▶ _TASK TO COMPLETE_: Set every record down verbatim and omit the pictures.

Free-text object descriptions
######
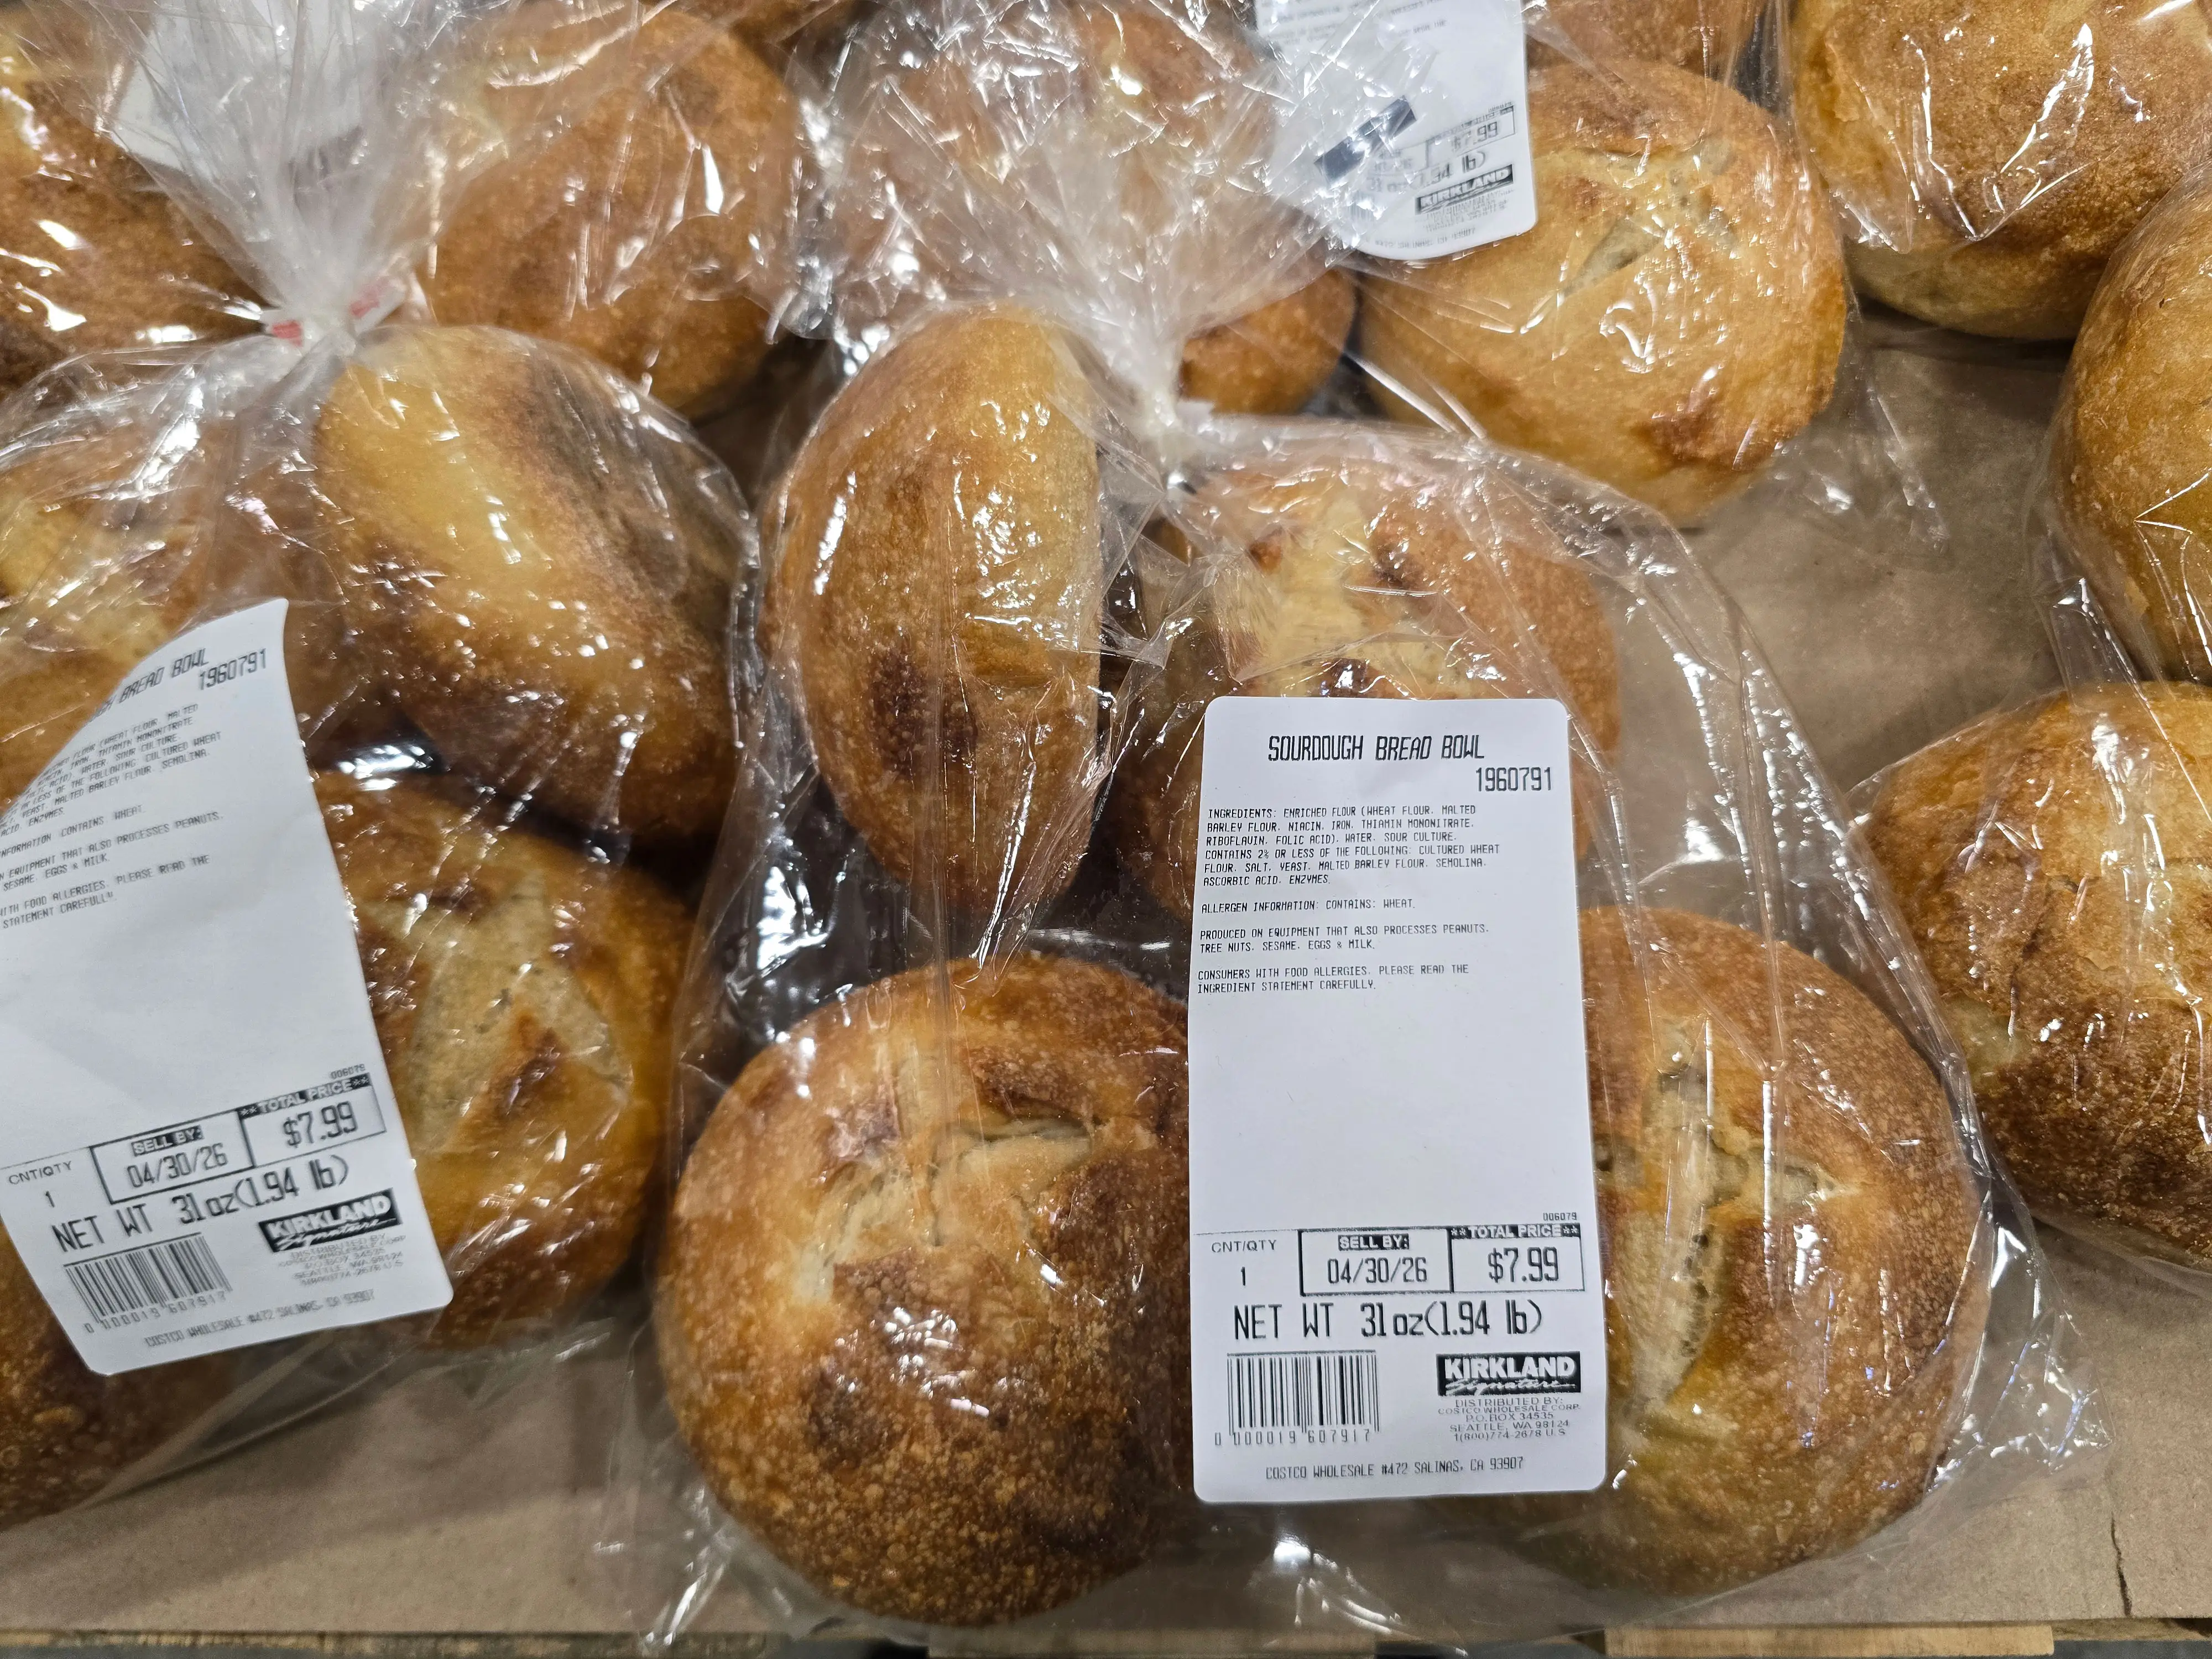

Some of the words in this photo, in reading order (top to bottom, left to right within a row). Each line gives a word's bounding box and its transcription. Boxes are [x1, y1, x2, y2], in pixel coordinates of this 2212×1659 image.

[1420, 168, 1511, 207] KIRKLAND
[170, 648, 209, 679] BOWL
[199, 648, 266, 690] 1960791
[1268, 735, 1364, 761] SOURDOUGH
[1375, 735, 1432, 761] BREAD
[1441, 734, 1485, 759] BOWL
[1475, 766, 1551, 792] 1960791
[1208, 807, 1276, 819] INGREDIENTS:
[1284, 807, 1327, 818] ENRICHED
[1332, 806, 1356, 817] FLOUR
[1361, 806, 1396, 817] (WHEAT
[1442, 805, 1475, 815] MALTED
[1207, 821, 1243, 833] BARLEY
[1361, 819, 1402, 829] THIAMIN
[1276, 835, 1305, 846] FOLIC
[1384, 832, 1407, 842] SOUR
[1205, 848, 1252, 860] CONTAINS
[1258, 849, 1269, 859] 2%
[1275, 849, 1286, 859] OR
[1292, 848, 1314, 858] LESS
[1319, 847, 1331, 858] OF
[1336, 847, 1350, 857] THE
[1355, 846, 1411, 856] FOLLOWING:
[1419, 844, 1464, 855] CULTURED
[1470, 844, 1499, 854] WHEAT
[1318, 860, 1350, 871] MALTED
[1354, 859, 1390, 869] BARLEY
[1203, 876, 1250, 887] ASCORBIC
[1289, 874, 1331, 884] ENZYMES.
[1201, 902, 1248, 915] ALLERGEN
[1253, 900, 1318, 912] INFORMATION:
[1326, 899, 1375, 910] CONTAINS:
[1383, 899, 1415, 908] WHEAT.
[1200, 927, 1246, 941] PRODUCED
[1251, 928, 1263, 938] ON
[1269, 926, 1320, 937] EQUIPMENT
[1326, 926, 1348, 936] THAT
[1354, 926, 1378, 936] ALSO
[1384, 925, 1437, 935] PROCESSES
[1200, 943, 1222, 954] TREE
[1308, 940, 1331, 950] EGGS
[1349, 939, 1375, 949] MILK.
[1198, 967, 1250, 980] CONSUMERS
[1256, 967, 1279, 978] WITH
[1285, 967, 1308, 978] FOOD
[1379, 965, 1413, 975] PLEASE
[1421, 964, 1444, 974] READ
[1452, 964, 1468, 973] THE
[1198, 982, 1256, 995] INGREDIENT
[1261, 980, 1313, 992] STATEMENT
[1319, 979, 1376, 989] CAREFULLY.
[283, 1100, 358, 1148] $7.99
[132, 1135, 174, 1156] SELL
[8, 1161, 71, 1185] CNT/QTY
[126, 1142, 228, 1188] 04/30/26
[51, 1215, 105, 1253] NET
[116, 1203, 153, 1237] WT
[308, 1154, 348, 1191] lb)
[267, 1194, 392, 1239] KIRKLAND
[1543, 1212, 1577, 1222] 006079
[1212, 1239, 1277, 1253] CNT/QTY
[1339, 1237, 1379, 1250] SELL
[1383, 1235, 1408, 1249] BY:
[1327, 1257, 1427, 1284] 04/30/26
[1488, 1246, 1559, 1284] $7.99
[1240, 1266, 1246, 1286] 1
[1234, 1304, 1282, 1340] NET
[1302, 1302, 1334, 1338] WT
[1444, 1356, 1575, 1379] KIRKLAND
[1266, 1465, 1307, 1480] COSTCO
[1313, 1463, 1374, 1478] WHOLESALE
[1381, 1462, 1408, 1475] #472
[1470, 1458, 1484, 1471] CA
[1490, 1456, 1524, 1470] 93907
######
▶ _RESPONSE_:
Some of the words in this photo, in reading order (top to bottom, left to right within a row). Each line gives a word's bounding box and its transcription. Boxes are [x1, y1, x2, y2], in pixel coordinates of this 2212×1659 image.

[1420, 168, 1511, 207] KIRKLAND
[170, 648, 209, 679] BOWL
[199, 648, 266, 690] 1960791
[1268, 735, 1364, 761] SOURDOUGH
[1375, 735, 1432, 761] BREAD
[1441, 734, 1485, 759] BOWL
[1475, 766, 1551, 792] 1960791
[1208, 807, 1276, 819] INGREDIENTS:
[1284, 807, 1327, 818] ENRICHED
[1332, 806, 1356, 817] FLOUR
[1361, 806, 1396, 817] (WHEAT
[1442, 805, 1475, 815] MALTED
[1207, 821, 1243, 833] BARLEY
[1361, 819, 1402, 829] THIAMIN
[1276, 835, 1305, 846] FOLIC
[1384, 832, 1407, 842] SOUR
[1205, 848, 1252, 860] CONTAINS
[1258, 849, 1269, 859] 2%
[1275, 849, 1286, 859] OR
[1292, 848, 1314, 858] LESS
[1319, 847, 1331, 858] OF
[1336, 847, 1350, 857] THE
[1355, 846, 1411, 856] FOLLOWING:
[1419, 844, 1464, 855] CULTURED
[1470, 844, 1499, 854] WHEAT
[1318, 860, 1350, 871] MALTED
[1354, 859, 1390, 869] BARLEY
[1203, 876, 1250, 887] ASCORBIC
[1289, 874, 1331, 884] ENZYMES.
[1201, 902, 1248, 915] ALLERGEN
[1253, 900, 1318, 912] INFORMATION:
[1326, 899, 1375, 910] CONTAINS:
[1383, 899, 1415, 908] WHEAT.
[1200, 927, 1246, 941] PRODUCED
[1251, 928, 1263, 938] ON
[1269, 926, 1320, 937] EQUIPMENT
[1326, 926, 1348, 936] THAT
[1354, 926, 1378, 936] ALSO
[1384, 925, 1437, 935] PROCESSES
[1200, 943, 1222, 954] TREE
[1308, 940, 1331, 950] EGGS
[1349, 939, 1375, 949] MILK.
[1198, 967, 1250, 980] CONSUMERS
[1256, 967, 1279, 978] WITH
[1285, 967, 1308, 978] FOOD
[1379, 965, 1413, 975] PLEASE
[1421, 964, 1444, 974] READ
[1452, 964, 1468, 973] THE
[1198, 982, 1256, 995] INGREDIENT
[1261, 980, 1313, 992] STATEMENT
[1319, 979, 1376, 989] CAREFULLY.
[283, 1100, 358, 1148] $7.99
[132, 1135, 174, 1156] SELL
[8, 1161, 71, 1185] CNT/QTY
[126, 1142, 228, 1188] 04/30/26
[51, 1215, 105, 1253] NET
[116, 1203, 153, 1237] WT
[308, 1154, 348, 1191] lb)
[267, 1194, 392, 1239] KIRKLAND
[1543, 1212, 1577, 1222] 006079
[1212, 1239, 1277, 1253] CNT/QTY
[1339, 1237, 1379, 1250] SELL
[1383, 1235, 1408, 1249] BY:
[1327, 1257, 1427, 1284] 04/30/26
[1488, 1246, 1559, 1284] $7.99
[1240, 1266, 1246, 1286] 1
[1234, 1304, 1282, 1340] NET
[1302, 1302, 1334, 1338] WT
[1444, 1356, 1575, 1379] KIRKLAND
[1266, 1465, 1307, 1480] COSTCO
[1313, 1463, 1374, 1478] WHOLESALE
[1381, 1462, 1408, 1475] #472
[1470, 1458, 1484, 1471] CA
[1490, 1456, 1524, 1470] 93907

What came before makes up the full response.